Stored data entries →
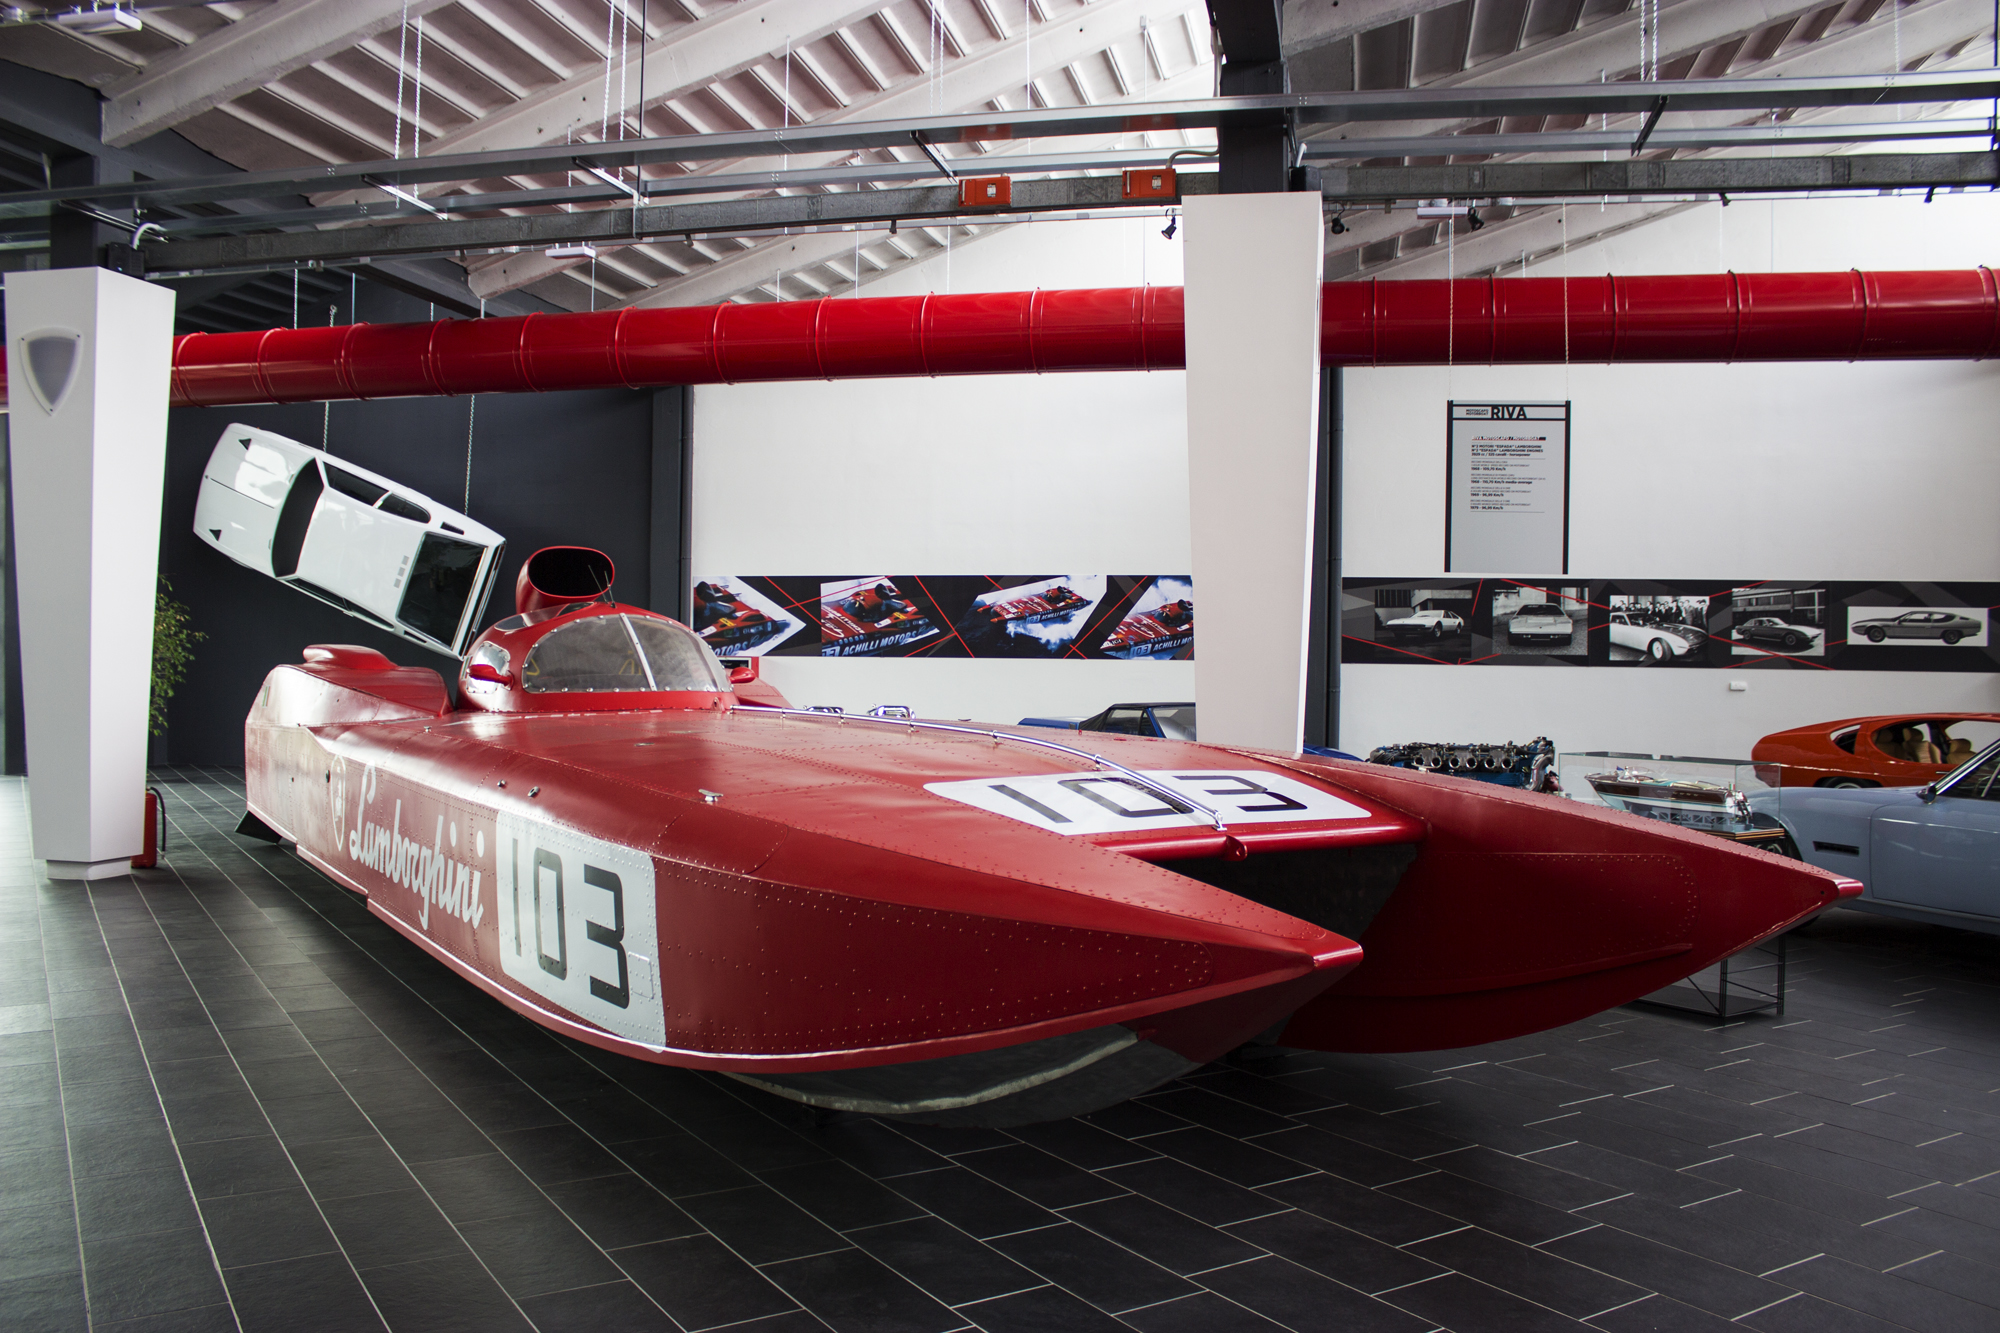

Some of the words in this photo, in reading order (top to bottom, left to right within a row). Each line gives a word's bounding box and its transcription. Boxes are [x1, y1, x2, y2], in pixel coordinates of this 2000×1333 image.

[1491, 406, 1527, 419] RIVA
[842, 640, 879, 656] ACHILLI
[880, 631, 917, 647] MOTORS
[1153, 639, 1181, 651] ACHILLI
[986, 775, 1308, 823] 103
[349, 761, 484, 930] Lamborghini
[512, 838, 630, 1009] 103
==
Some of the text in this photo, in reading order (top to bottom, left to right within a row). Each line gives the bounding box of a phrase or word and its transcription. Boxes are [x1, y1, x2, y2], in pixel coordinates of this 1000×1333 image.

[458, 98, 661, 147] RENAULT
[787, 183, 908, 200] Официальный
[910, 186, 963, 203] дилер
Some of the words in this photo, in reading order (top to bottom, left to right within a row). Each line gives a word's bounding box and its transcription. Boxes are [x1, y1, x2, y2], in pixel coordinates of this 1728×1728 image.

Task → Set down, from the entries above, exactly the lines from the one with "Some of the text" up to and including the one with "this 1728×1728 image.", and no other lines.

Written answer →
Some of the text in this photo, in reading order (top to bottom, left to right within a row). Each line gives the bounding box of a phrase or word and its transcription. Boxes are [x1, y1, x2, y2], in pixel coordinates of this 1000×1333 image.

[458, 98, 661, 147] RENAULT
[787, 183, 908, 200] Официальный
[910, 186, 963, 203] дилер
Some of the words in this photo, in reading order (top to bottom, left to right within a row). Each line gives a word's bounding box and its transcription. Boxes are [x1, y1, x2, y2], in pixel coordinates of this 1728×1728 image.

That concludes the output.